A new study assessing the benefits of taking the polypill – a medication intended to ward off heart disease – suggests that it could potentially prevent thousands of heart attacks and strokes. However, the study’s results, which generated a lot of headlines when it first appeared, are not as clear-cut as they might seem. Researchers from Queen Mary, University of London looked at the effects of taking the polypill for individuals aged over 50, none of whom had a history of heart disease.

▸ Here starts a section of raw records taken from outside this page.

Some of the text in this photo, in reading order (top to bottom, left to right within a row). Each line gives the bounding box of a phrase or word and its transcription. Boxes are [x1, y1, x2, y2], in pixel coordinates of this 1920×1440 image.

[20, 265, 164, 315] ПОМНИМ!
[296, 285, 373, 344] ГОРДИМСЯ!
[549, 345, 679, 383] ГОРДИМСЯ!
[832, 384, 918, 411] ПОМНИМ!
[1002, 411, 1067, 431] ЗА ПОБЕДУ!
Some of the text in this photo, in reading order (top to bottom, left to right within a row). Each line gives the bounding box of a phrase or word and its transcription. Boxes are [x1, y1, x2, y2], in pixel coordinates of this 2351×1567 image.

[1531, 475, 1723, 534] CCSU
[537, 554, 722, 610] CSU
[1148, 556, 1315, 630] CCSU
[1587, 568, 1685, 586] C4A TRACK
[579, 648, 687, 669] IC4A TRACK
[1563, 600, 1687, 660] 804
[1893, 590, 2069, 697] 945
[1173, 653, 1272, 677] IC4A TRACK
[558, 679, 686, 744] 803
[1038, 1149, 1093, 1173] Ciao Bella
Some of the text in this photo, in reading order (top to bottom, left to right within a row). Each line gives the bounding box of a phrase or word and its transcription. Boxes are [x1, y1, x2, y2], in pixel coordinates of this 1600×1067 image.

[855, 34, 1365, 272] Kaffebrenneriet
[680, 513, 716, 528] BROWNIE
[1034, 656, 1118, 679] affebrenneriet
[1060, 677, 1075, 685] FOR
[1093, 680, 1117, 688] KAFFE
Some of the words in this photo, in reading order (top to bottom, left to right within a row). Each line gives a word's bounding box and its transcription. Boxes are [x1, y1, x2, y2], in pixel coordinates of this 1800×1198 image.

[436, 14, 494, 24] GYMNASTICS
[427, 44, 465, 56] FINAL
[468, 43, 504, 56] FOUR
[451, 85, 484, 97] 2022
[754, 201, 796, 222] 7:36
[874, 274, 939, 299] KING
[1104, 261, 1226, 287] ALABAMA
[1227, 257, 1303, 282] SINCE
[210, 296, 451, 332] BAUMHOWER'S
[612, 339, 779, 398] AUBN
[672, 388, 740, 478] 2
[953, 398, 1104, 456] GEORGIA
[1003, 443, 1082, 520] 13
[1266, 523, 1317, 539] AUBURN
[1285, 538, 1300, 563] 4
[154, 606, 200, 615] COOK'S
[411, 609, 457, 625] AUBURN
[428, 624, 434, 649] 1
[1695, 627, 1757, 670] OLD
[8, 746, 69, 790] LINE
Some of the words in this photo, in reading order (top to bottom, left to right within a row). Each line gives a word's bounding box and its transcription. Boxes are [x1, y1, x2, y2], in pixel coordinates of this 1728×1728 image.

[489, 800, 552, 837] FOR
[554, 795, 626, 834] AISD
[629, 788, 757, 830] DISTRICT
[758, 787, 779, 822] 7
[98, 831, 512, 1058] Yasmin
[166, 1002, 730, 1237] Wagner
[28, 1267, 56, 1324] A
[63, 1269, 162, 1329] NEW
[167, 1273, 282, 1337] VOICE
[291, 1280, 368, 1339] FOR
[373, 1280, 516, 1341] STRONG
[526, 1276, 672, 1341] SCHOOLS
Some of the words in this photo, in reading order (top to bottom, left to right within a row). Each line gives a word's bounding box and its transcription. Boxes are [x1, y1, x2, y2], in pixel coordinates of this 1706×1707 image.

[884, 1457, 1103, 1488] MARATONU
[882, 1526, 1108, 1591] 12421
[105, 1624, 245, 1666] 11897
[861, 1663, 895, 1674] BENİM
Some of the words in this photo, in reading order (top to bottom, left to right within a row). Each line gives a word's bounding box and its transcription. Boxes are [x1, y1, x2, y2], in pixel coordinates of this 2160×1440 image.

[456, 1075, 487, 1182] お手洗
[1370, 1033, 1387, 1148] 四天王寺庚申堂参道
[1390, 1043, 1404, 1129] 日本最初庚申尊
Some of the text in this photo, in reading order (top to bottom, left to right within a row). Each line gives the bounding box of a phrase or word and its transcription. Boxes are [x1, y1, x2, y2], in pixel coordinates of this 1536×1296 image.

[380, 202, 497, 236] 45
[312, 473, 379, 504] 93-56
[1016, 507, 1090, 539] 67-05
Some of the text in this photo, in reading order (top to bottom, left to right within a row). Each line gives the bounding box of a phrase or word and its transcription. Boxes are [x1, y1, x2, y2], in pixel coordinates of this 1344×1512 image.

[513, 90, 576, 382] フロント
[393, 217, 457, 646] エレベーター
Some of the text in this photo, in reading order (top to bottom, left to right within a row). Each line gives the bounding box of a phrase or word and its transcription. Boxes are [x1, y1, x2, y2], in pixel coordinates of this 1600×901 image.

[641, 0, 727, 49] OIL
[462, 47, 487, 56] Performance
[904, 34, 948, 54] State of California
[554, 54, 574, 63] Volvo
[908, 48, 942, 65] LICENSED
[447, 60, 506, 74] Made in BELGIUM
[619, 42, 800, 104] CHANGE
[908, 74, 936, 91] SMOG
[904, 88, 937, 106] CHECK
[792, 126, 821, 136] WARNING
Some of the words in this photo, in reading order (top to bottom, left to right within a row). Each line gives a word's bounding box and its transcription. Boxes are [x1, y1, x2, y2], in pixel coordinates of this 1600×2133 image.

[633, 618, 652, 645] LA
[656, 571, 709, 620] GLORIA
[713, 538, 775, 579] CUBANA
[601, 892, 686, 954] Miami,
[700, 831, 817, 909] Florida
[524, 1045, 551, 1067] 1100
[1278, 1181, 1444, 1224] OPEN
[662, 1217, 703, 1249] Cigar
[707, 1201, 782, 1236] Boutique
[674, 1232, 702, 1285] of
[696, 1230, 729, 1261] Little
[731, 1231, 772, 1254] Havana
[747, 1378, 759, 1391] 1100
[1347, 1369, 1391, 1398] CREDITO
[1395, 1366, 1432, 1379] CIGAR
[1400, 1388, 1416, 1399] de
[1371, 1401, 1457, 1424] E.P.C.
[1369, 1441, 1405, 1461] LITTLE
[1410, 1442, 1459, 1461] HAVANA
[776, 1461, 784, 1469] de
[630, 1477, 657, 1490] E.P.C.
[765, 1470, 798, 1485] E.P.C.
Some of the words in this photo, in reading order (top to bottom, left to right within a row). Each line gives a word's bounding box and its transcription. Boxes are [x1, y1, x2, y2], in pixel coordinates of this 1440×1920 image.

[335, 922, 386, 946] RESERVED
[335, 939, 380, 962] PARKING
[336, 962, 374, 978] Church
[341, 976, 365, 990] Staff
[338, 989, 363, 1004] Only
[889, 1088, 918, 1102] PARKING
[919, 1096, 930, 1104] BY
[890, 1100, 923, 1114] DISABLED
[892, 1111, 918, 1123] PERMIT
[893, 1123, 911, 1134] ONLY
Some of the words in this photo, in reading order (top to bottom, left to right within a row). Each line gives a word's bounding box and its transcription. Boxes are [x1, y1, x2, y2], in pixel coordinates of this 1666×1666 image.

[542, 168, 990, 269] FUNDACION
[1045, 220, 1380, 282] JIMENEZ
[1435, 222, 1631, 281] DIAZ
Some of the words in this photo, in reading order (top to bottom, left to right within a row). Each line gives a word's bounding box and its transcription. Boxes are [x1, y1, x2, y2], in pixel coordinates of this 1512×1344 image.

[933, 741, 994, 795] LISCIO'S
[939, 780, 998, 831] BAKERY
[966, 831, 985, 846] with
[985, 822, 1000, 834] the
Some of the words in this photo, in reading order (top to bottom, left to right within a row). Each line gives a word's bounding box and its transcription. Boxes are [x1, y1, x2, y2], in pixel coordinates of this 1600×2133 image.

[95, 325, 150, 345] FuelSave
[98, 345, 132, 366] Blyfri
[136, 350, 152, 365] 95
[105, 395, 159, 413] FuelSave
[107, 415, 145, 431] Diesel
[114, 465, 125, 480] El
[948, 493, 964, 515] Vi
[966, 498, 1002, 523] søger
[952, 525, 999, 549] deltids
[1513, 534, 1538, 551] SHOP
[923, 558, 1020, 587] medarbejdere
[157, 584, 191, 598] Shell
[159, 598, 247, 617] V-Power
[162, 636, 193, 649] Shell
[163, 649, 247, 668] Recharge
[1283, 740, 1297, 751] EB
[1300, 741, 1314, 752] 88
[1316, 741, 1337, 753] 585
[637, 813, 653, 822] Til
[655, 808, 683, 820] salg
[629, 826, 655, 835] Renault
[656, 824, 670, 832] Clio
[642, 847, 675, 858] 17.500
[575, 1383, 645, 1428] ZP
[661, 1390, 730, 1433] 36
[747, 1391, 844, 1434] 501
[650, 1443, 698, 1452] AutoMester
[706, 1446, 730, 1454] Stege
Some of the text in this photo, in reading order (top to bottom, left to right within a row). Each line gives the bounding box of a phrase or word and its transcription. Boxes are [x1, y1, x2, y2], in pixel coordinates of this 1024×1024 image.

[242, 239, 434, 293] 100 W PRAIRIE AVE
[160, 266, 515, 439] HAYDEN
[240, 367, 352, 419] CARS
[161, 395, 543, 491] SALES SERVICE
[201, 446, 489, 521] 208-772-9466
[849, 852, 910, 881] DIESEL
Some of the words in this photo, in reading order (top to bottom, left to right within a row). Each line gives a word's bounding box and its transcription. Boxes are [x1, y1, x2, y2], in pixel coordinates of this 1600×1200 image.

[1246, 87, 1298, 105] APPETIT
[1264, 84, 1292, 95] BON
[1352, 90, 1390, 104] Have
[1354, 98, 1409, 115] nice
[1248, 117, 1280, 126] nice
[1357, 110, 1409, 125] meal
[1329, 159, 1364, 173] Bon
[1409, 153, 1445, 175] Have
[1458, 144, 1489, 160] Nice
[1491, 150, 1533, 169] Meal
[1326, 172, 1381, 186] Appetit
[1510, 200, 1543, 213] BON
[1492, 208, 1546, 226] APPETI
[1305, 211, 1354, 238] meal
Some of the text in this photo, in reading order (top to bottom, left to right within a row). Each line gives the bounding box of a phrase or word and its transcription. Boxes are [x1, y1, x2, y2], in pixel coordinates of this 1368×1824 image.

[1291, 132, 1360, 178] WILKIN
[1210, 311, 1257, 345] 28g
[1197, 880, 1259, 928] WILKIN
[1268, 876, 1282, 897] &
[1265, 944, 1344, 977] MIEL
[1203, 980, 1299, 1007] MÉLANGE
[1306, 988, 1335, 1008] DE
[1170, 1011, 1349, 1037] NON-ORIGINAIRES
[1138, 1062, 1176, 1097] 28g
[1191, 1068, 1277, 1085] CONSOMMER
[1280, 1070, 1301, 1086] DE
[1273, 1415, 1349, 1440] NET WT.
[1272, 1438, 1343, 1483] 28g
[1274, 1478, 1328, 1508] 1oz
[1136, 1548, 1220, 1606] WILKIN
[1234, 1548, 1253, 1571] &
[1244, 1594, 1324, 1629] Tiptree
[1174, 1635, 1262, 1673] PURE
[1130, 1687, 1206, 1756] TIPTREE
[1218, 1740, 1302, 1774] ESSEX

This was a cross-over trial, meaning that all the participants took the polypill and a placebo but during different time periods. Each participant had three months on the polypill and three months on the placebo; some took the polypill first, others the placebo. This method allowed the researchers to assess the benefits for each individual – comparing an individual’s physical response to the polypill to their response to the placebo – rather than one group against another, which provides greater accuracy.
The polypill used for this study works on different levels: it targets blood pressure with three different medications, and also contains a statin to lower cholesterol. With high blood pressure and high levels of LDL cholesterol being precursors to heart disease, a reduction in these areas should also significantly reduce the likelihood of heart disease.
And the researchers found that taking the polypill resulted in a 12% reduction in blood pressure and a 39% lower LDL cholesterol level. These are the equivalent levels, on average, of a person around 30 years younger than the study participants. This, say the researchers, indicates that the incidence of heart attacks in the over 50s could be avoided or delayed by as much as 28%, if they were taking the polypill.
It would seem sensible then, to offer this polypill to everyone over the age of 50. But the results shouldn’t be interpreted so quickly or easily. The study, which was funded in part by the pharmaceutical company Cipla, was co-authored by the same individual who holds the patent for the pill. The study looked at only 84 individuals – an aspect of the study many newspapers failed to report on – and so extrapolating from the study results that the pill could help prevent thousands of deaths is premature, say spokespeople from the NHS.
Furthermore, the study did not take into account – or analyse – potential side effects from taking the medication. Large-scale studies and, importantly, long-term studies need to be undertaken so that the polypill’s benefits can be fully understood and decisions can be made as to whether it should be made available to everyone. In the meantime, the best advice you can follow is to live as healthily as possible – a diet rich in fresh vegetables, fruit and wholegrains, plus regular exercise is by far the best way to prevent heart disease.